Archive for February 3rd, 2019

February 3, 2019

Wawel castle, Krakow!

Ok so going into new territory, just a few years ago I had the opportunity to travel to the old Eastern Europe countries, and finally got to Poland. It was a nice experience that took me in two trips and possible another by next May’19. So let  me tell you about something different.

The Wawel castle in Krakow is a must to see, but after going around so excited seeing the different venues and night spots, I ran out of time!! Walked right by it and no time to go inside. This will definitively have to change next May’19. Promise. For the time being will put a post to remind myself of the visit to be.

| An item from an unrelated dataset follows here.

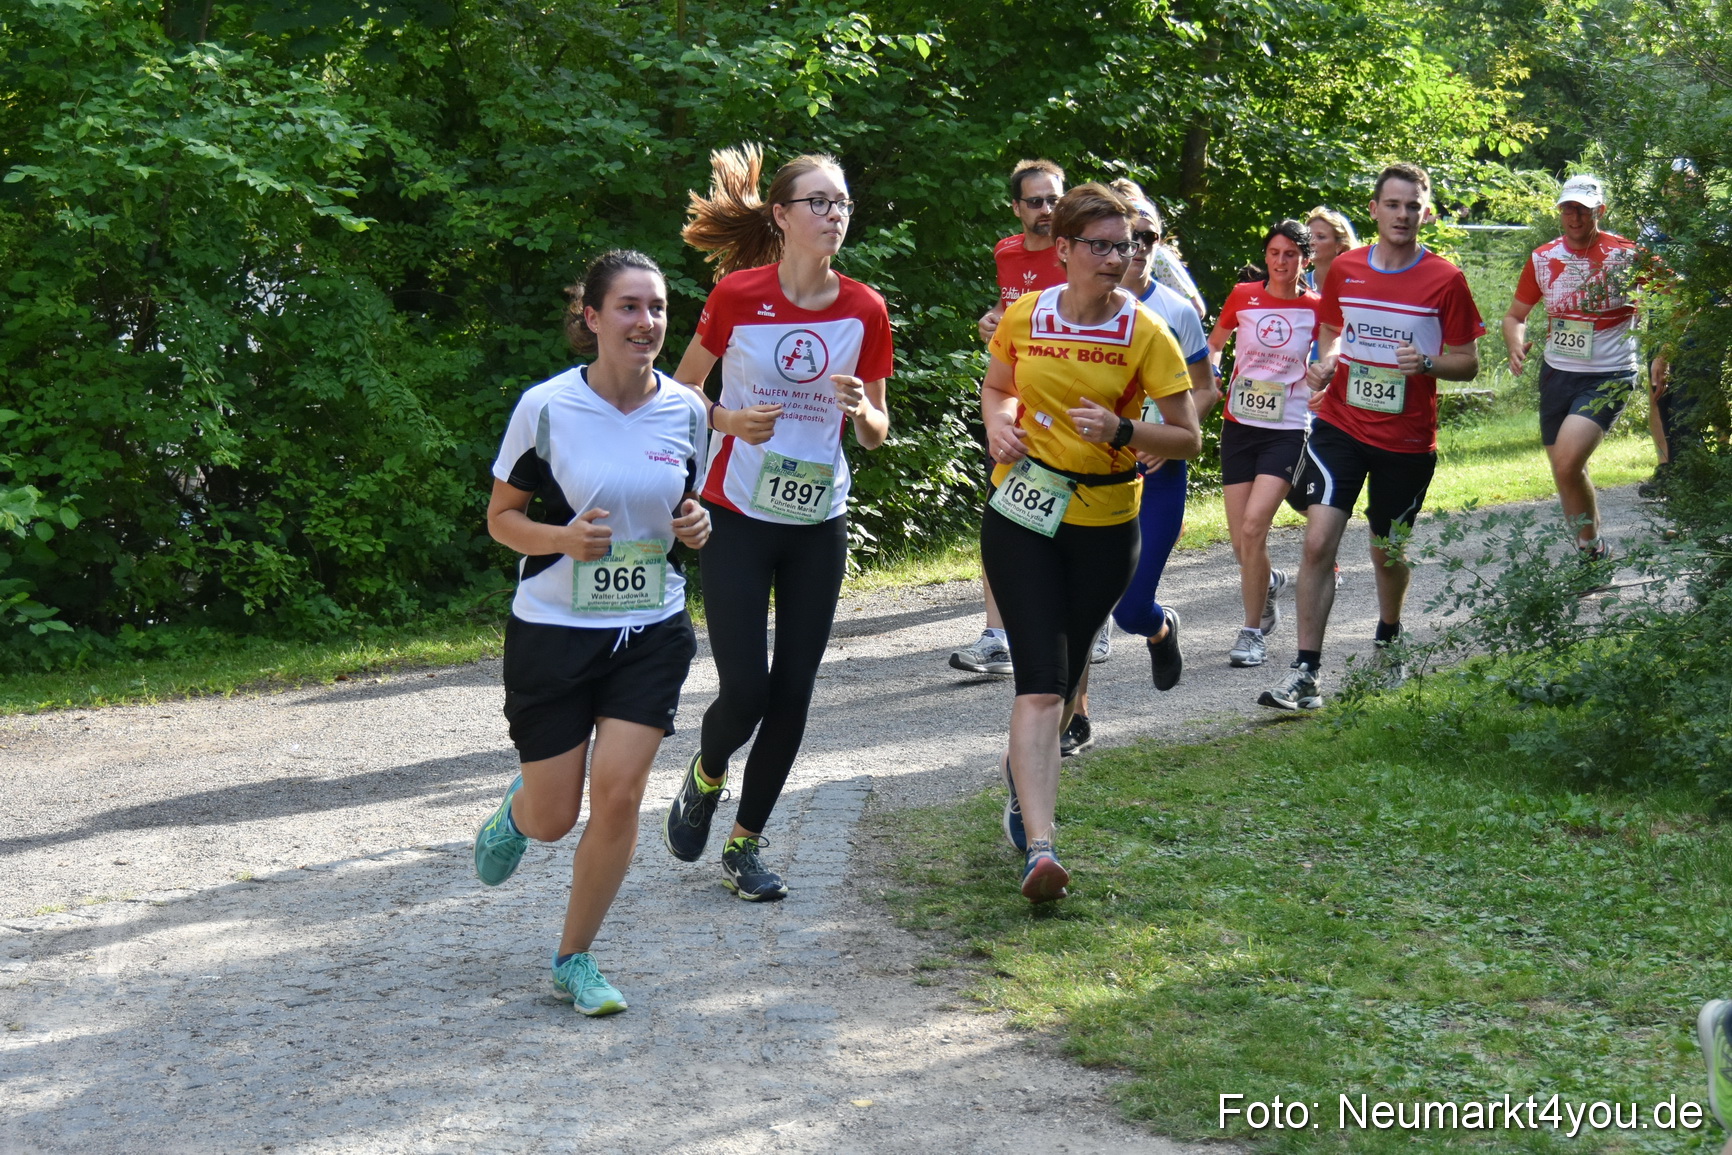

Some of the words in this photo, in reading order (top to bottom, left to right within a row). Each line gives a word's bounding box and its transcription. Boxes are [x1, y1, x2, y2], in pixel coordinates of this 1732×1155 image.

The historic city is located at the foot of the Wawel Hill. Krakow was, before Warsaw, the capital of the Poland and is often considered the true center of the country with its traditions and over 1 000 years old history. It is the cultural and scientific center of the country Karol Wojtyła was Bishop and then Archbishop of Krakow, before becoming Pope John Paul II in 1978, the first non-Italian pope for 455 years.

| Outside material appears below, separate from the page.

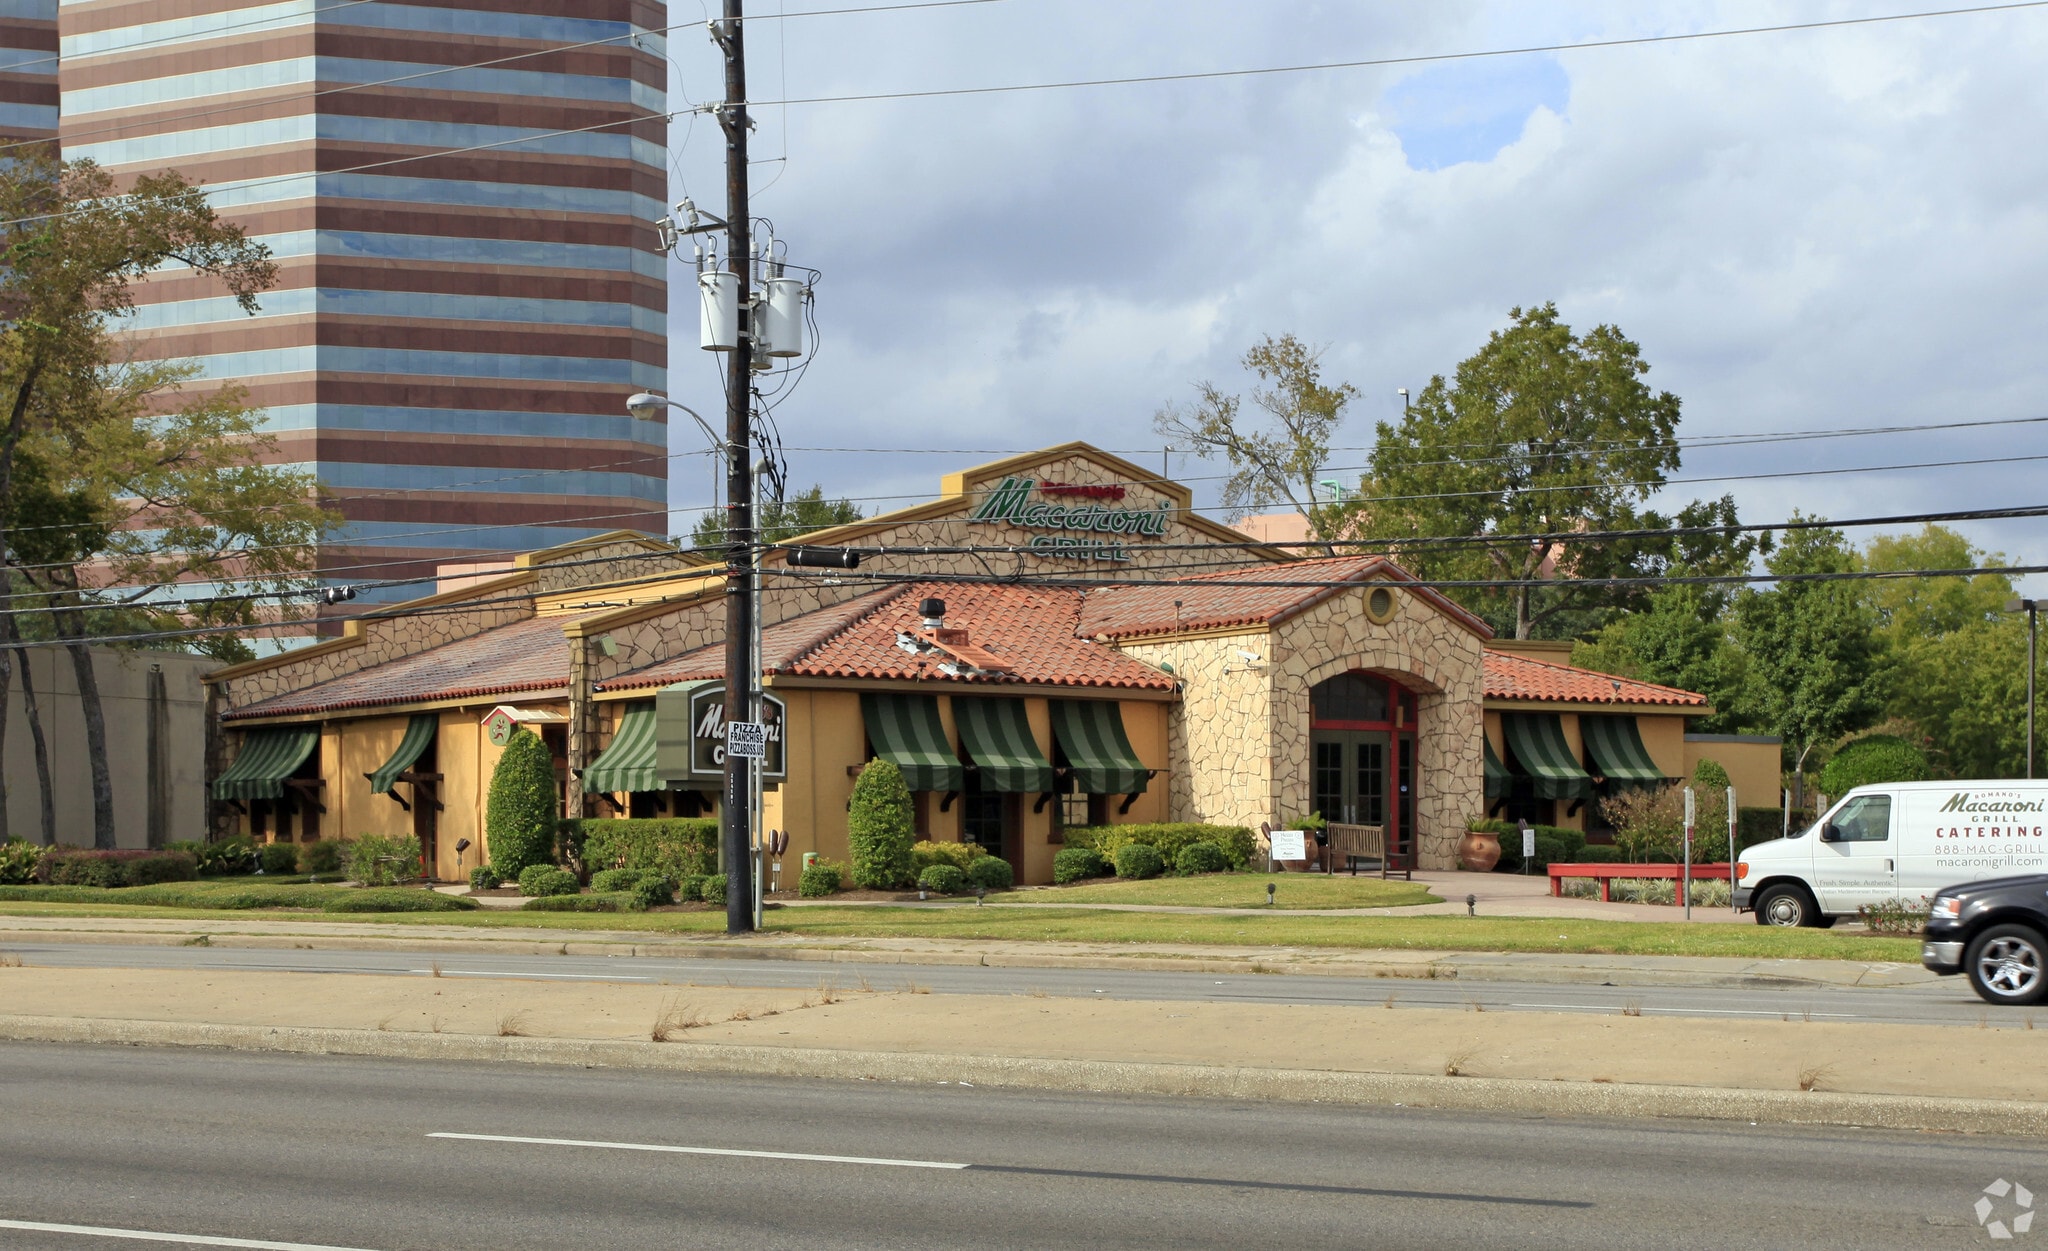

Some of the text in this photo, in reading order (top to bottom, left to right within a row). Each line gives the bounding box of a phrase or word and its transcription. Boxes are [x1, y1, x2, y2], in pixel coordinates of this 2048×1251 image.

The main thing is not to missed the Wawel castle, which I did not go in as the tour would have taken too long for my time and on a first visit wanted to touch as many places as possible to better understand the city and hopefully be back for in depth look later on with the family. The castle is wonderful bordering the Vistula river or wisla. Again, plan to see it, the major place to see here.

Wawel Castle, located in Krakow, was built at the behest of Casimiro III the great, who reigned between 1333 and 1370, and consists of several structures located around a central courtyard. In the 14C it was rebuilt by Jogaila and Eduviges I. During his reign the tower called Hen’s Paw (Kurza Stopka) and the Danish tower were added. The Chamber of Eduviges and Jogaila, in which is the Szczerbiec sword, which was used in coronation ceremonies, is exhibited today and is another remainder of this period.   On the hill were built other structures that served as barracks for the numerous clerics, royal employees and craftsmen. In this period, defensive walls and towers were erected such as Jordanka, Lubranka, Sandomierska, Tęczyńska, Szlachecka, Złodziejska and Panieńska.

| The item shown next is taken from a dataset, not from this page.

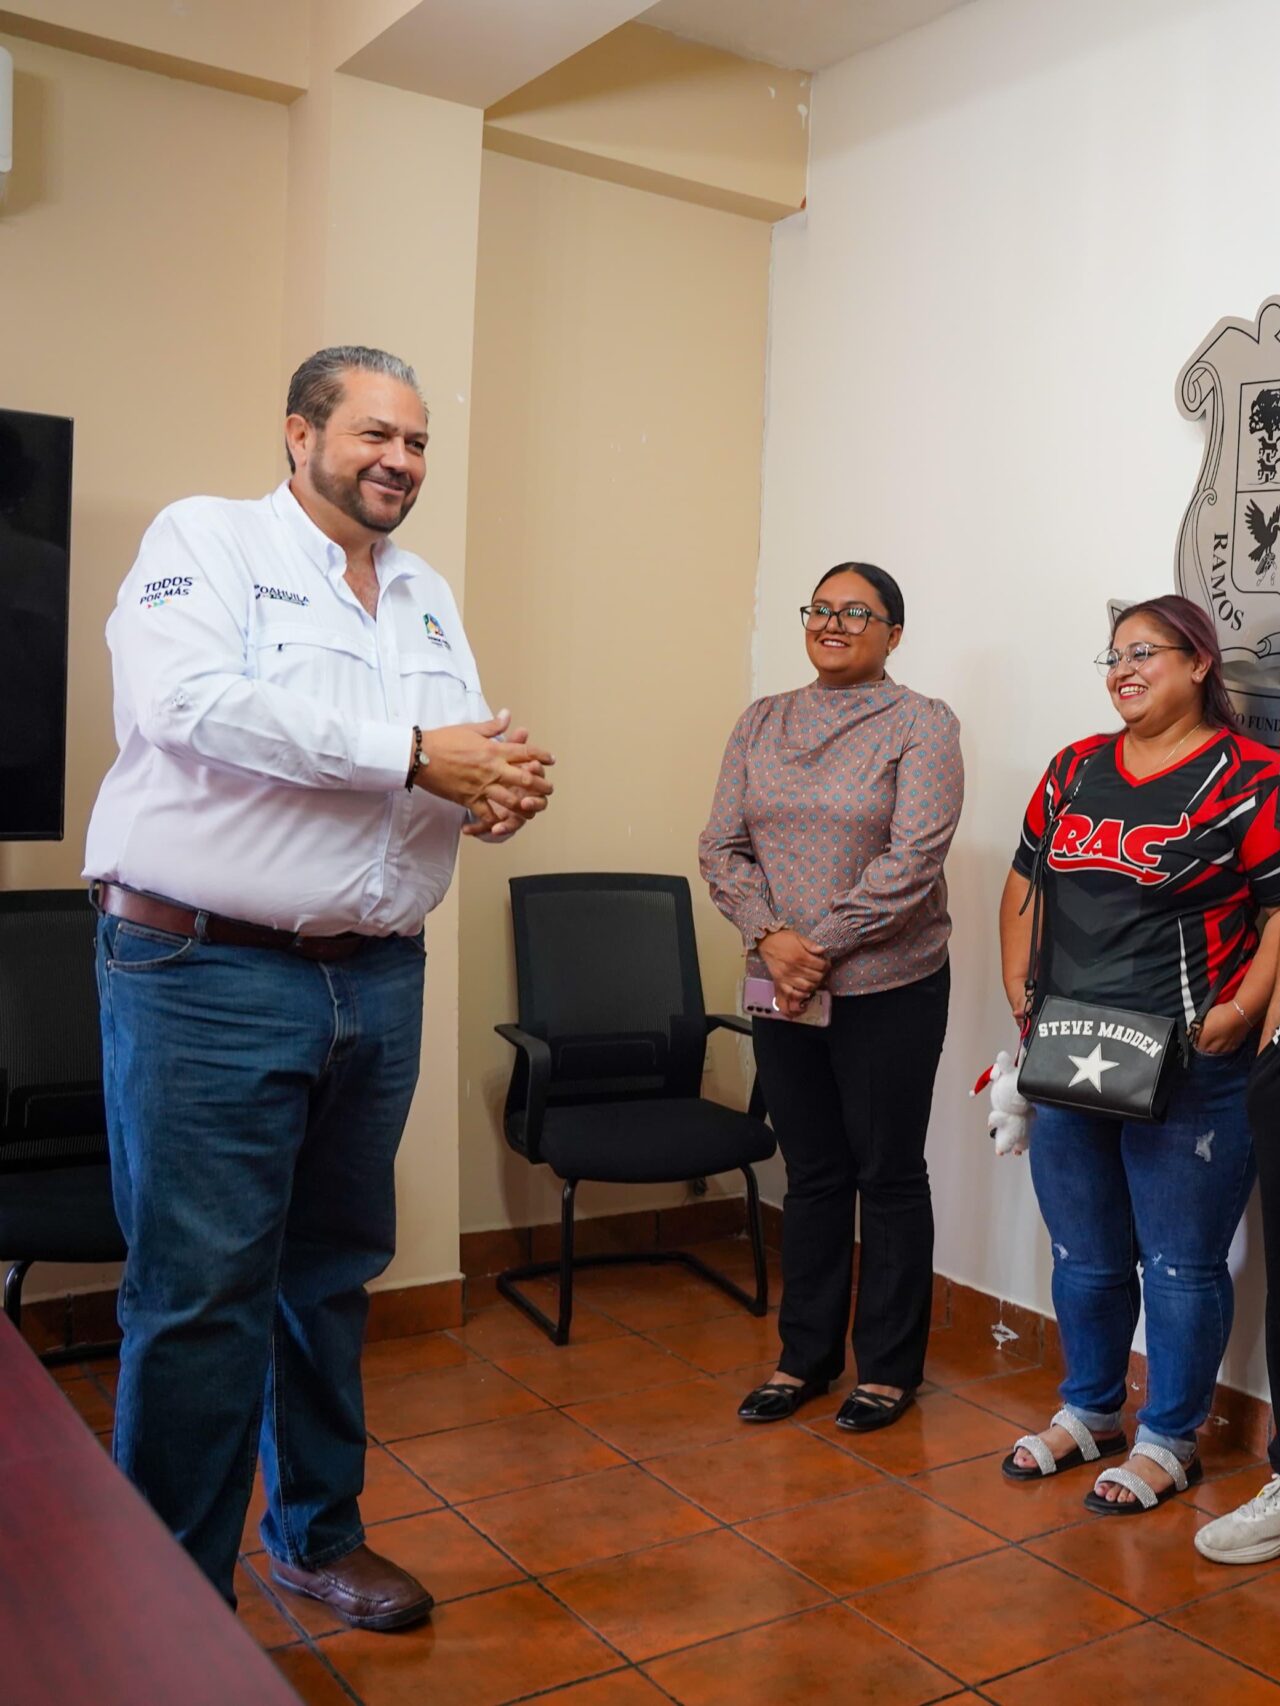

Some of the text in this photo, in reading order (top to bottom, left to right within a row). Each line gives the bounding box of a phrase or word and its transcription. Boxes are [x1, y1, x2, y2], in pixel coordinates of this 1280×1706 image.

Wawel Castle and Wawel Hill are the most important historical and cultural place in Poland. For centuries it was the residence of the kings of Poland and a symbol of the Polish state. It is currently one of the best art museum in the country. Founded in 1930, the museum comprises ten departments responsible for collections of paintings (including an important collection of Italian Renaissance paintings), engravings, sculptures, textiles (including the collection of tapestries by Sigismund II Augustus), Goldsmiths, weapons, armor, ceramics, Meissen porcelain and furniture. The museum’s Oriental Art collections include the largest collection of Ottoman tents in Europe. With seven specialized conservation studies, the museum is also an important center for the preservation of works of art.


The current building comprises Romanesque fragments and important gothic elements. Its current aspect mainly dates from the period (1504-1535), from the reign of Alexander Jagiellon (1501-1506) and from Sigismund I the Elder (1506-1548). The Treasure of the Crown, located in the historical Gothic rooms that were used since the 15C for the storage of the insignia of the crown and the jewels of the crown, exhibits objects of incalculable value of the ancient treasure that survived the looting, among them the memories of the kings of Poland, like the hat and the sword that the Pope gave to John III Sobieski after the Battle of Vienna or the crowning sword Szczerbiec.


Some webpages to help us enjoy the visit here are

Official Wawel Castle of Krakow

Official Wawel Castle and the tapestries to see

A fragment of a column of Wawel Castle has been incorporated into the skyscraper Tribune Tower of Chicago , IL USA. Located in a niche on the upper left corner of the main entrance, it is a visual tribute to the large Polish population in Chicago, the largest outside of Poland. And I used to live in a major second concentration in NJ with the ZBA or Polish Congress of America!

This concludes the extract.